EXERCISE DIRECTIONS: Once you reach the end of the data, transcribe all of it exactly.

DATASET CONTENT:
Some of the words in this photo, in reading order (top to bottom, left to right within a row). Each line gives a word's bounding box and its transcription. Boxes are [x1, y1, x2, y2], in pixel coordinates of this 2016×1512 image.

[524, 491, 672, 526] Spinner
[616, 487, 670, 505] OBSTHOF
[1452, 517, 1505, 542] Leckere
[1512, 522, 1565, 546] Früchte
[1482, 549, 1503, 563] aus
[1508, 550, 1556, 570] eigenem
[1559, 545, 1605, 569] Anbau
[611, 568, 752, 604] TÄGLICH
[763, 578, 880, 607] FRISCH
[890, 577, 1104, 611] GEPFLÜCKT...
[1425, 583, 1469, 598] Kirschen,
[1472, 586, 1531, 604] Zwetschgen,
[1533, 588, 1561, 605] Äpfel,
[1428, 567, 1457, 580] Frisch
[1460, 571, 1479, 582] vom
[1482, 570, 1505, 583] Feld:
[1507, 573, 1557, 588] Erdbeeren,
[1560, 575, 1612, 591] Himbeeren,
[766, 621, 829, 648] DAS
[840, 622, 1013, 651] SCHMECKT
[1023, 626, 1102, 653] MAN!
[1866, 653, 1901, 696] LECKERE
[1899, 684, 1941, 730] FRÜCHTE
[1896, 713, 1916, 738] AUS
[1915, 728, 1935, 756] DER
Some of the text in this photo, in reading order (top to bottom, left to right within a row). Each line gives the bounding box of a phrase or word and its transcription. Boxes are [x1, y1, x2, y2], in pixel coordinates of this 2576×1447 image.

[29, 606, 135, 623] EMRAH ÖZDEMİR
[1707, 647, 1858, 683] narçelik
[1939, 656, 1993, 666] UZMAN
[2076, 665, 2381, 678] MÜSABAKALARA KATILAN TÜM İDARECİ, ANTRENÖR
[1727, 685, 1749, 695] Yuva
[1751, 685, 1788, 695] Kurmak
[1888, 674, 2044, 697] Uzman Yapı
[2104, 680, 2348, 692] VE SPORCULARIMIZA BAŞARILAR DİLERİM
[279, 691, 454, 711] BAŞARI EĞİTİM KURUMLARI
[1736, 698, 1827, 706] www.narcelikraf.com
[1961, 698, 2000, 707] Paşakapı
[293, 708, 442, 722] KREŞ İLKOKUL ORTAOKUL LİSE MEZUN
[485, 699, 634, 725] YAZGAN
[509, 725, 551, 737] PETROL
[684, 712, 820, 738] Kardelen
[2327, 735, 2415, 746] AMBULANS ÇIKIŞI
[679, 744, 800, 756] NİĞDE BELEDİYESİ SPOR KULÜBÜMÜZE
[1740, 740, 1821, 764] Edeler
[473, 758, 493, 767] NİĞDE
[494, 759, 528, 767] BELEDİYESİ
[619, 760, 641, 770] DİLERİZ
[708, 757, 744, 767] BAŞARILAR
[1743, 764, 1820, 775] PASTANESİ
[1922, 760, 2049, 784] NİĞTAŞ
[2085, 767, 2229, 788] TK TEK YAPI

TASK ANSWER:
Some of the words in this photo, in reading order (top to bottom, left to right within a row). Each line gives a word's bounding box and its transcription. Boxes are [x1, y1, x2, y2], in pixel coordinates of this 2016×1512 image.

[524, 491, 672, 526] Spinner
[616, 487, 670, 505] OBSTHOF
[1452, 517, 1505, 542] Leckere
[1512, 522, 1565, 546] Früchte
[1482, 549, 1503, 563] aus
[1508, 550, 1556, 570] eigenem
[1559, 545, 1605, 569] Anbau
[611, 568, 752, 604] TÄGLICH
[763, 578, 880, 607] FRISCH
[890, 577, 1104, 611] GEPFLÜCKT...
[1425, 583, 1469, 598] Kirschen,
[1472, 586, 1531, 604] Zwetschgen,
[1533, 588, 1561, 605] Äpfel,
[1428, 567, 1457, 580] Frisch
[1460, 571, 1479, 582] vom
[1482, 570, 1505, 583] Feld:
[1507, 573, 1557, 588] Erdbeeren,
[1560, 575, 1612, 591] Himbeeren,
[766, 621, 829, 648] DAS
[840, 622, 1013, 651] SCHMECKT
[1023, 626, 1102, 653] MAN!
[1866, 653, 1901, 696] LECKERE
[1899, 684, 1941, 730] FRÜCHTE
[1896, 713, 1916, 738] AUS
[1915, 728, 1935, 756] DER
Some of the text in this photo, in reading order (top to bottom, left to right within a row). Each line gives the bounding box of a phrase or word and its transcription. Boxes are [x1, y1, x2, y2], in pixel coordinates of this 2576×1447 image.

[29, 606, 135, 623] EMRAH ÖZDEMİR
[1707, 647, 1858, 683] narçelik
[1939, 656, 1993, 666] UZMAN
[2076, 665, 2381, 678] MÜSABAKALARA KATILAN TÜM İDARECİ, ANTRENÖR
[1727, 685, 1749, 695] Yuva
[1751, 685, 1788, 695] Kurmak
[1888, 674, 2044, 697] Uzman Yapı
[2104, 680, 2348, 692] VE SPORCULARIMIZA BAŞARILAR DİLERİM
[279, 691, 454, 711] BAŞARI EĞİTİM KURUMLARI
[1736, 698, 1827, 706] www.narcelikraf.com
[1961, 698, 2000, 707] Paşakapı
[293, 708, 442, 722] KREŞ İLKOKUL ORTAOKUL LİSE MEZUN
[485, 699, 634, 725] YAZGAN
[509, 725, 551, 737] PETROL
[684, 712, 820, 738] Kardelen
[2327, 735, 2415, 746] AMBULANS ÇIKIŞI
[679, 744, 800, 756] NİĞDE BELEDİYESİ SPOR KULÜBÜMÜZE
[1740, 740, 1821, 764] Edeler
[473, 758, 493, 767] NİĞDE
[494, 759, 528, 767] BELEDİYESİ
[619, 760, 641, 770] DİLERİZ
[708, 757, 744, 767] BAŞARILAR
[1743, 764, 1820, 775] PASTANESİ
[1922, 760, 2049, 784] NİĞTAŞ
[2085, 767, 2229, 788] TK TEK YAPI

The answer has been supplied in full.